On the other hand, for a pipelined FPU the time is $t(n)=[s+\ell+n-1]\tau$ where $s$ is a setup cost: the first operation still has to go through the same stages as before, but after that one more result will be produced each cycle. We can also write this formula as \begin{equation} t(n)=[n+n_{1/2}]\tau, \end{equation} expressing the linear time, plus an offset.

QUOTE 1.3: Schematic depiction of a pipelined operation.

Exercise Let us compare the speed of a classical FPU , and a pipelined one. Show that the result rate is now dependent on $n$: give a formula for $r(n)$, and for $r_\infty=\lim_{n\rightarrow\infty}r(n)$. What is the asymptotic improvement in $r$ over the non-pipelined case?

Next you can wonder how long it takes to get close to the asymptotic behavior. Show that for $n=n_{1/2}$ you get $r(n)=r_\infty/2$. This is often used as the definition of $n_{1/2}$.
End of exercise

Since a vector processor works on a number of instructions simultaneously, these instructions have to be independent. The operation $\forall_i\colon a_i\leftarrow b_i+c_i$ has independent additions; the operation $\forall_i\colon a_{i+1}\leftarrow a_ib_i+c_i$ feeds the result of one iteration ($a_i$) to the input of the next ($a_{i+1}=\ldots$), so the operations are not independent.
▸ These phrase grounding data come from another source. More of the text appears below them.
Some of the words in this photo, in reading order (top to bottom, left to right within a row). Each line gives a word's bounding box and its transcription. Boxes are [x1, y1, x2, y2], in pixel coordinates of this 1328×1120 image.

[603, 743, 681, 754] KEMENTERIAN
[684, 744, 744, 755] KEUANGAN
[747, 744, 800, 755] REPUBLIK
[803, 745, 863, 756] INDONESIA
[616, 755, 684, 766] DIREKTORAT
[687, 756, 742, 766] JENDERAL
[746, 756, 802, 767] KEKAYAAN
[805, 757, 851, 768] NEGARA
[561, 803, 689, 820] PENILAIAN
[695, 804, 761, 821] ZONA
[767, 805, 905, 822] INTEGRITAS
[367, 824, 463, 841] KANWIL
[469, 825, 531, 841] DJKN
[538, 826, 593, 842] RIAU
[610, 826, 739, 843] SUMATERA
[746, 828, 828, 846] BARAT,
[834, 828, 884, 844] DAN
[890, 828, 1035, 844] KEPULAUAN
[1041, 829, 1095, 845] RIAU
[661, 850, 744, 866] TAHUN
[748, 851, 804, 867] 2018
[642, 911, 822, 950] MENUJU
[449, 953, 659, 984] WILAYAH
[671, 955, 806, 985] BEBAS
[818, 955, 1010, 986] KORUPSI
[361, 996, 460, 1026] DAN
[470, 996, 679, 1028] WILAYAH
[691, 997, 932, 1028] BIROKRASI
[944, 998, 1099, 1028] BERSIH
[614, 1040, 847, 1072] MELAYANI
A pipelined processor can speed up operations by a factor of $4,5,6$ with respect to earlier CPUs. Such numbers were typical in the 1980s when the first successful vector computers came on the market. These days, CPUs can have 20-stage pipelines. Does that mean they are incredibly fast? This question is a bit complicated. Chip designers continue to increase the clock rate, and the pipeline segments can no longer finish their work in one cycle, so they are further split up. Sometimes there are even segments in which nothing happens: that time is needed to make sure data can travel to a different part of the chip in time.

The amount of improvement you can get from a pipelined CPU is limited, so in a quest for ever higher performance several variations on the pipeline design have been tried. For instance, the Cyber 205 had separate addition and multiplication pipelines, and it was possible to feed one pipe into the next without data going back to memory first. Operations like $\forall_i\colon a_i\leftarrow b_i+c\cdot d_i$ were called `linked triads' (because of the number of paths to memory, one input operand had to be scalar).

Exercise Analyze the speedup and $n_{1/2}$ of linked triads.
End of exercise

Another way to increase performance is to have multiple identical pipes. This design was perfected by the NEC SX series. With, for instance, 4 pipes, the operation $\forall_i\colon a_i\leftarrow b_i+c_i$ would be split module 4, so that the first pipe operated on indices $i=4\cdot j$, the second on $i=4\cdot j+1$, et cetera.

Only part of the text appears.